I am not having much luck using my m-box as the audio interface. I'm currently running a 2.4 ghz Macbook/4 gig ram. It has pro-tools installed but I doubt its conflicting with it. 

Is there anybody else out there having success with a similar setup?

:scratchhead:


----------



## brucek (Apr 11, 2006)

Generally as long as your Mac has an Intel processor, you're OK, as REW only works on Intel Macs.

The problem with M-box is that it only uses ASIO drivers (I believe). REW requires the use of WDM drivers.

brucek


----------



## PTRust (May 24, 2009)

More specifically it seems the problem is a feedback loop caused by an inability to mute the monitoring of the input signal. I don't have an answer. Any ideas?

:scratchhead:


----------



## Barish (May 20, 2009)

I have tested a commercial studio's control room with success today using a Macbook Pro 2.4GHz (MB133B/A with OS X 10.5.6) and an M-Box Mini + PTLE 7.4.2. The trick is that you need to launch Pro Tools along with REW in order to control the M-Box, since the Digi drivers won't let you control the interface from System Preferences Sound Pane.
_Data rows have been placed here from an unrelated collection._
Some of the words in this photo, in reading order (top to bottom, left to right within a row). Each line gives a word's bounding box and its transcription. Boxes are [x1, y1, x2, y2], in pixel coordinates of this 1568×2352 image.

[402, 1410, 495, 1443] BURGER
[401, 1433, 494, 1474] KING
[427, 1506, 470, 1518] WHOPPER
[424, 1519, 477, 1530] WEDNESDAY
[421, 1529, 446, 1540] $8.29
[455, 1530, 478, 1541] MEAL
- Just launch PTLE and start a new session with two mono audio input tracks assigned to either of the inputs, and a stereo master fader, all set to 0dB. Mute the input tracks so that they don't relay what's at the input to the output, and then leave it as it is all throughout the test.
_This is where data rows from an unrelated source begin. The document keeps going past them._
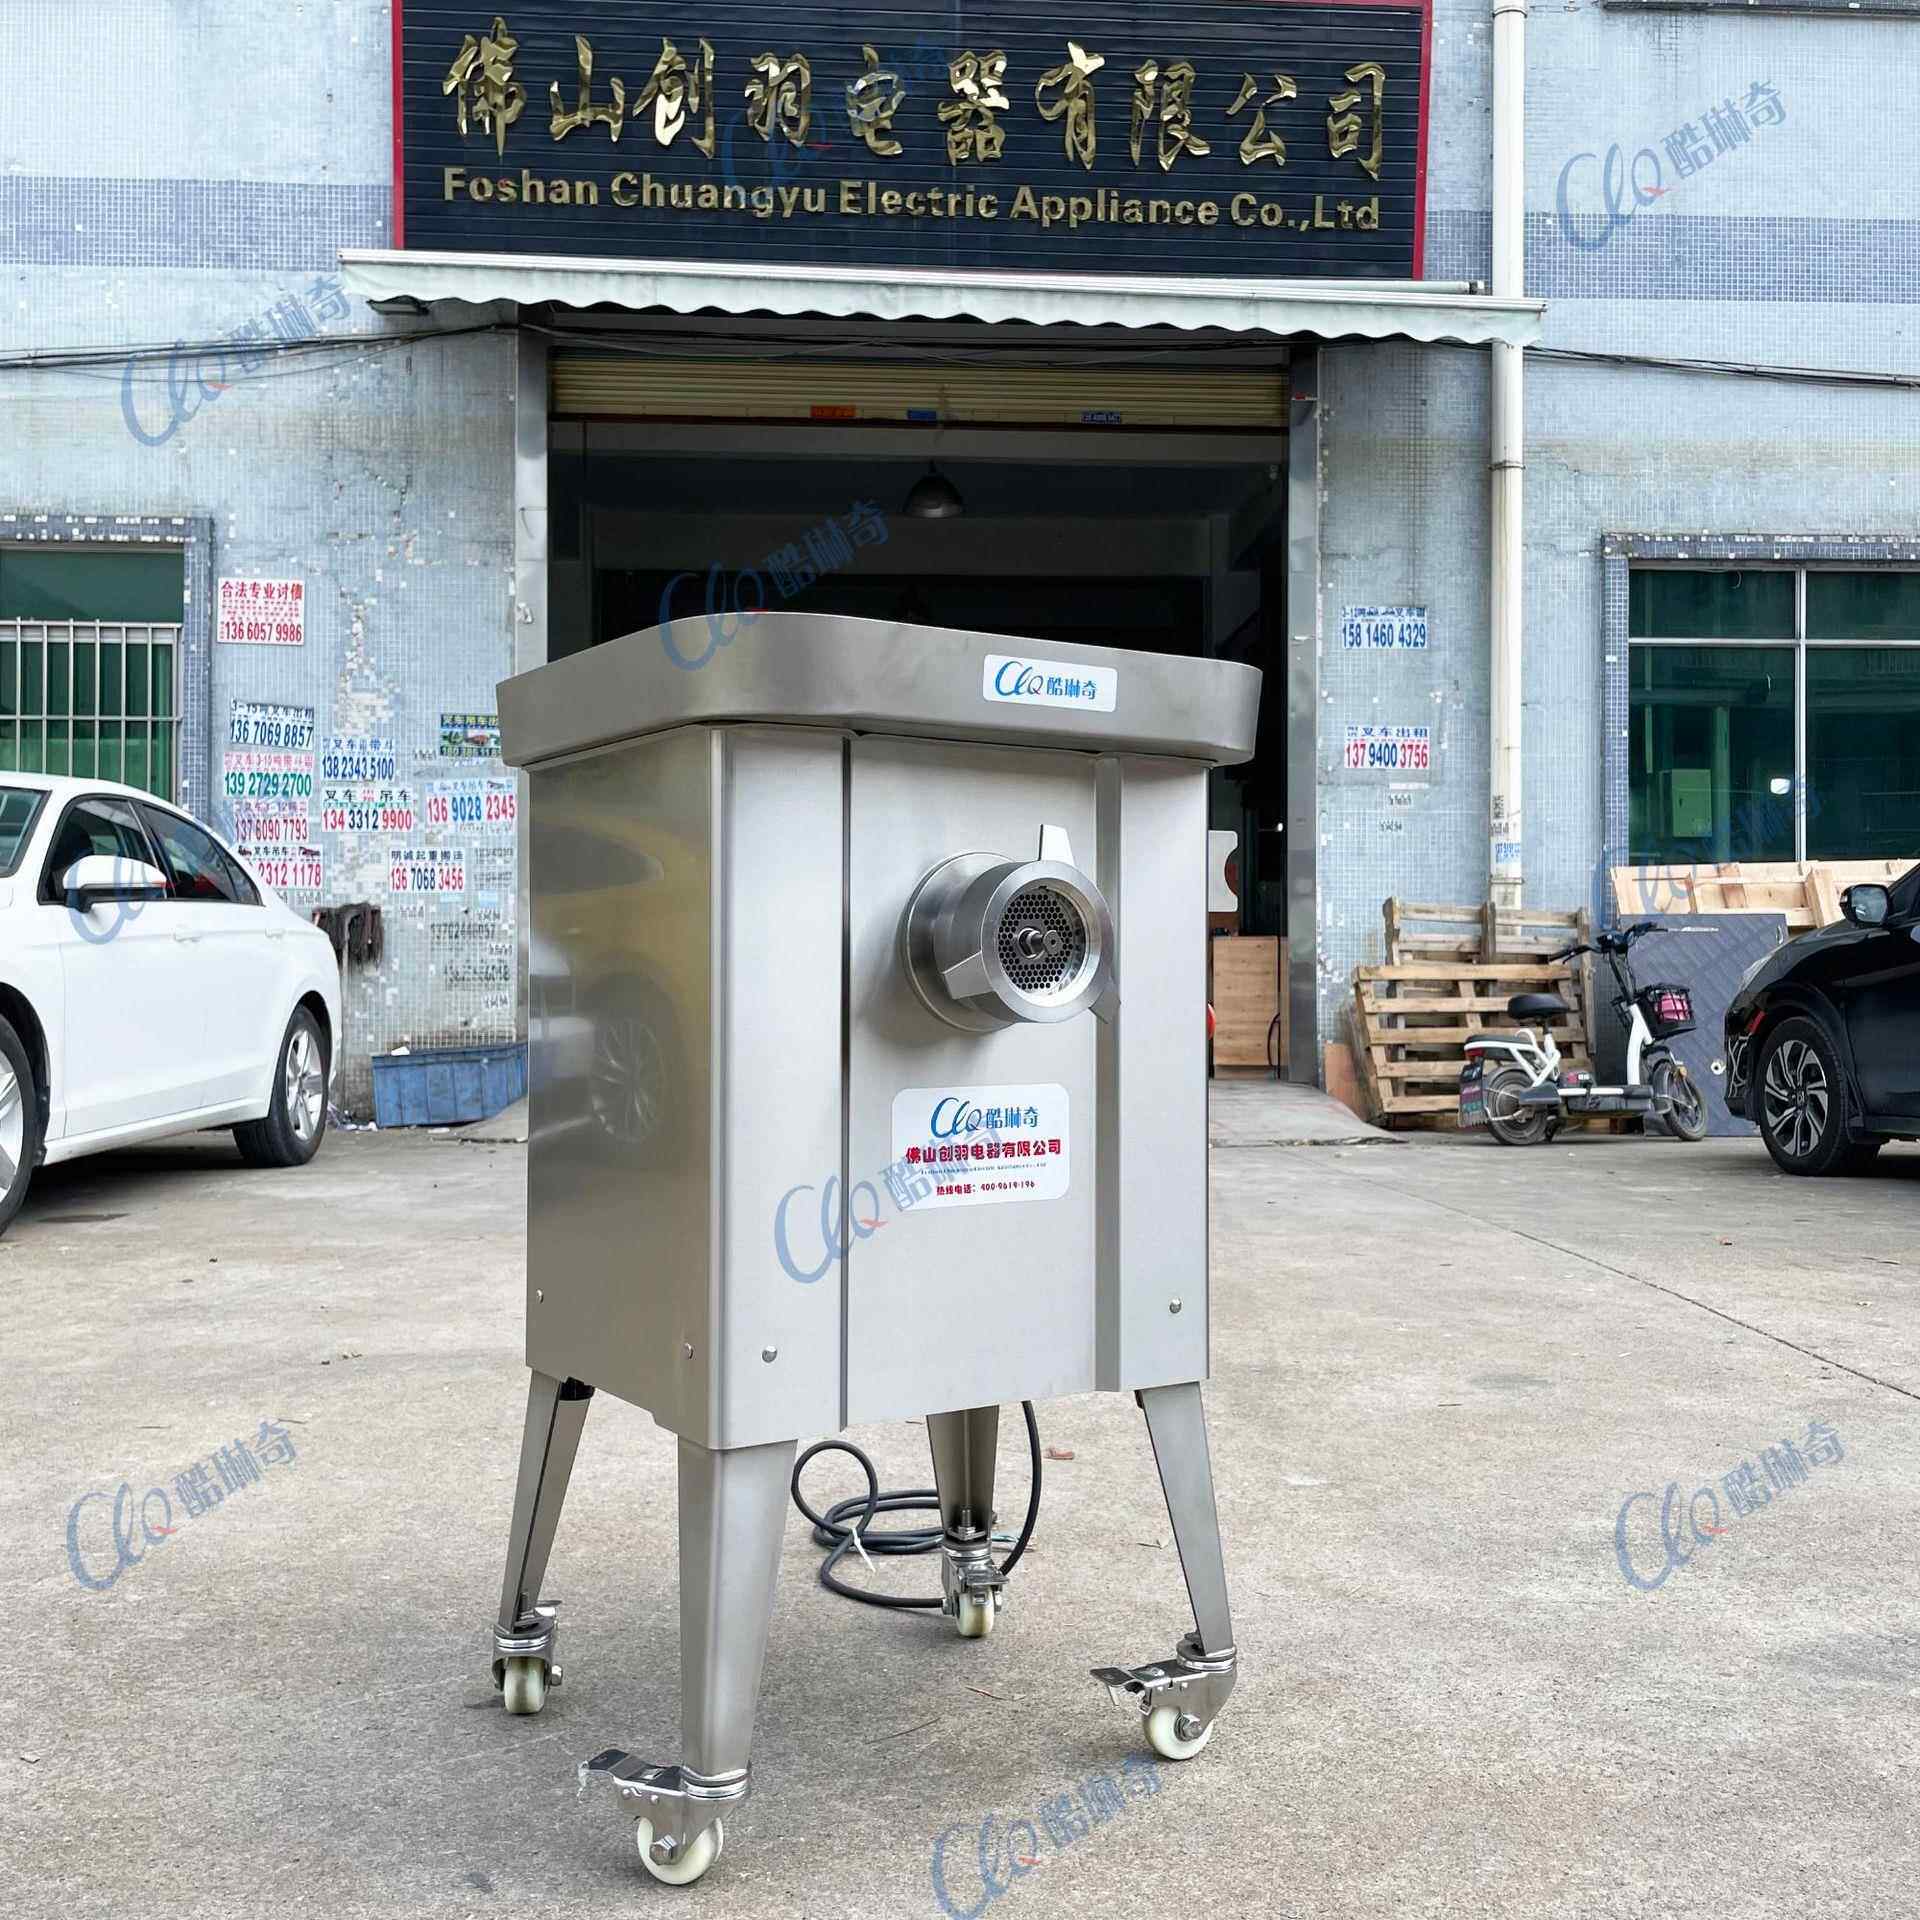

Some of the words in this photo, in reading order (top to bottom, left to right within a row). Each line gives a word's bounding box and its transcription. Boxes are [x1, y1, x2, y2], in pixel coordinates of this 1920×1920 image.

[444, 167, 598, 207] Foshan
[610, 171, 826, 218] Chuangyu
[839, 181, 998, 220] Electric
[1010, 185, 1219, 230] Appliance
[1230, 193, 1380, 231] Co.,Ltd
[225, 621, 245, 640] 136
[247, 621, 272, 641] 6057
[276, 623, 302, 642] 9986
[1343, 623, 1361, 648] 158
[1367, 623, 1394, 648] 1460
[1398, 623, 1426, 648] 4329
[1046, 677, 1097, 700] 酷琳奇
[230, 719, 249, 743] 136
[253, 721, 281, 746] 7069
[284, 724, 313, 748] 8857
[322, 755, 339, 778] 138
[341, 756, 367, 779] 2343
[370, 757, 394, 780] 5100
[1346, 743, 1366, 767] 137
[1369, 743, 1397, 767] 9400
[1400, 743, 1428, 768] 3756
[225, 772, 245, 795] 139
[248, 772, 280, 797] 2729
[282, 773, 312, 798] 2700
[324, 809, 345, 830] 134
[348, 809, 379, 829] 3312
[382, 809, 412, 830] 9900
[428, 798, 448, 822] 136
[451, 796, 482, 821] 9028
[486, 795, 515, 820] 2345
[236, 817, 252, 841] 137
[255, 819, 280, 841] 6090
[283, 819, 307, 840] 7793
[293, 863, 320, 887] 1178
[391, 868, 407, 890] 136
[411, 867, 436, 890] 7068
[438, 868, 463, 890] 3456
[985, 1106, 1038, 1129] 酷琳奇
[905, 1139, 1062, 1164] 佛山创羽电器有限公司
- Set the Output from REW settings panel to Java Audio Engine, and the Input to M-Box Mic Input.

- Connect the mic to the M-Box as usual and turn the direct monitoring knob full-clockwise to Input (opposite end of Mix).

- Calibrate the soundcard using the utility below the same panel and off you go.

Good luck.

B.


----------



## PTRust (May 24, 2009)

Great answer, why didn't I think of that. Can't wait to try it.

Thanks!


----------



## Barish (May 20, 2009)

No bother. The REW is free, and so is the supplementary advice :T



brucek said:


> The problem with M-box is that it only uses ASIO drivers (I believe). REW requires the use of WDM drivers.
> 
> brucek


FYI, there is no such thing as WDM for Macs. There's just Core Audio drivers. WDM is for Windows platforms. I even doubt that there is an ASIO driver protocol for OS X platform, cos I've never heard of it.
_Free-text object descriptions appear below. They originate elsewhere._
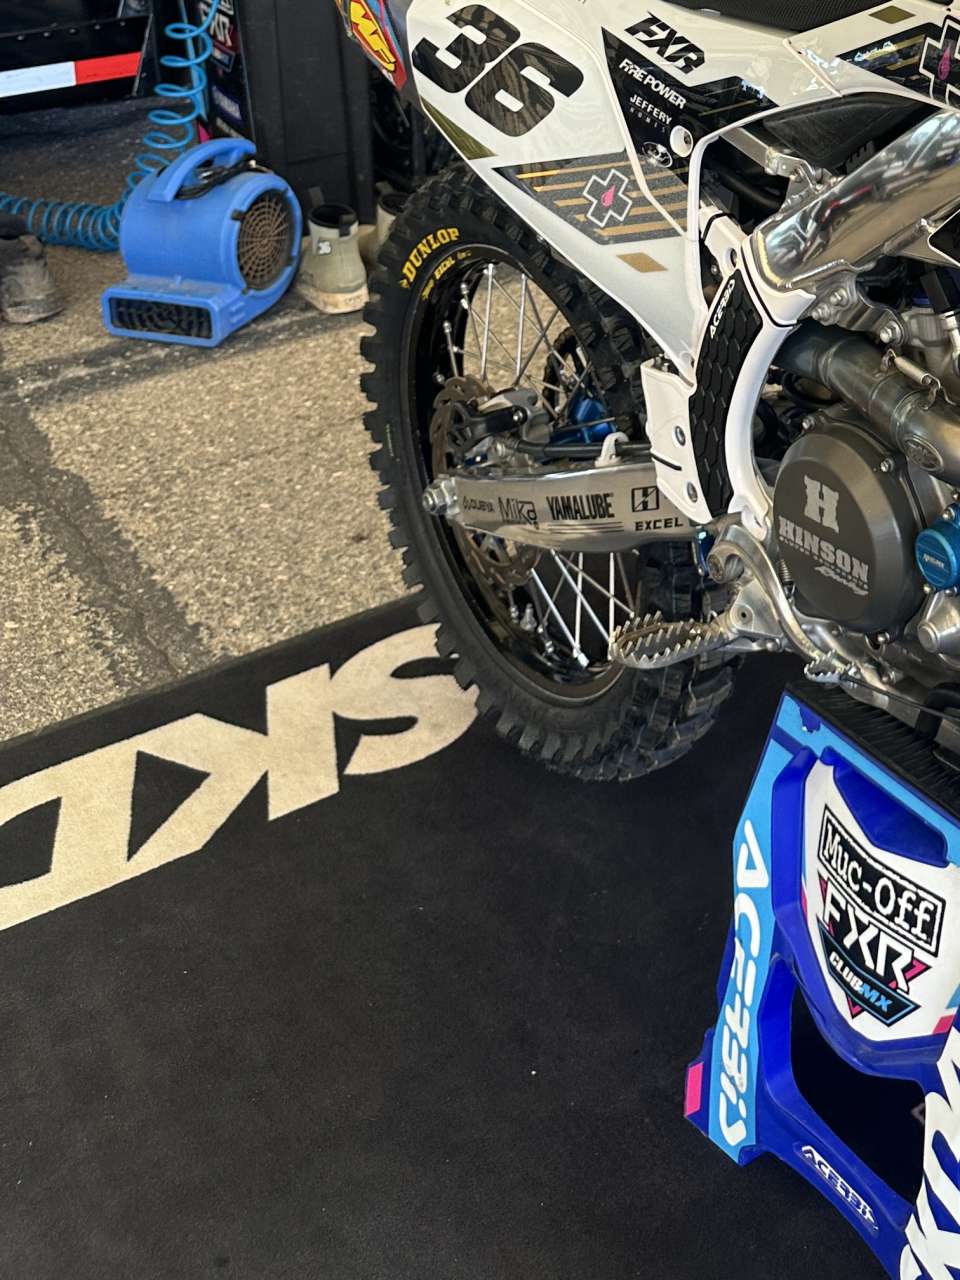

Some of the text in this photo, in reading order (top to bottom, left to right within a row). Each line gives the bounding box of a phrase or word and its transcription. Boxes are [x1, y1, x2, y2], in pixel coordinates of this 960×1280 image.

[411, 4, 585, 138] 36
[624, 11, 706, 74] FXR
[629, 93, 672, 125] JEFFERY
[643, 74, 687, 111] POWER
[402, 227, 460, 283] DUNLOP
[546, 493, 616, 521] YAMALUBE
[634, 517, 684, 532] EXCEL
[778, 517, 870, 584] HINSON
[824, 823, 934, 941] Muc-Off
[824, 877, 915, 993] FXR
[718, 819, 776, 1147] ACERBIS
[829, 950, 893, 1012] CLUBMX
Digidesign products use Core Audio drivers in OS X.

Cheers.

B.


----------



## brucek (Apr 11, 2006)

Great, thanks for the answers Barish. My Mac knowledge is about zero, so I always appreciate any Mac guy helping out.

brucek


----------



## Barish (May 20, 2009)

My pleasure. Thanks for maintaining such a great board. It's very helpful and full of valuable information :T

Cheers.

B.


----------



## Barish (May 20, 2009)

Tried the same setup again today. You don't even need to launch PTLE. Just adjust the settings in REW and on M-Box unit as above and carry on. The mic appears on the left channel on M-Box Mini.

B.


----------



## PTRust (May 24, 2009)

I'm sorry I feel like an idiot here but I'm still getting a feedback loop. I opened up PTLE as per your instructions set the mbox's mix knob full clockwise and set the REW input/ouput settings as discussed but still getting a loop. In fact turning down the input signal knob does nothing.
Let me ask which out (L or R) are you connecting to which input (1 or 2).


----------



## Barish (May 20, 2009)

Then make sure all the on-board mic in, line in and speaker outs are either muted, or at the minimum from the System Preferences Sound Panel when working, because in a few occasions I caught them working (and affecting the result) along with M-box Mini.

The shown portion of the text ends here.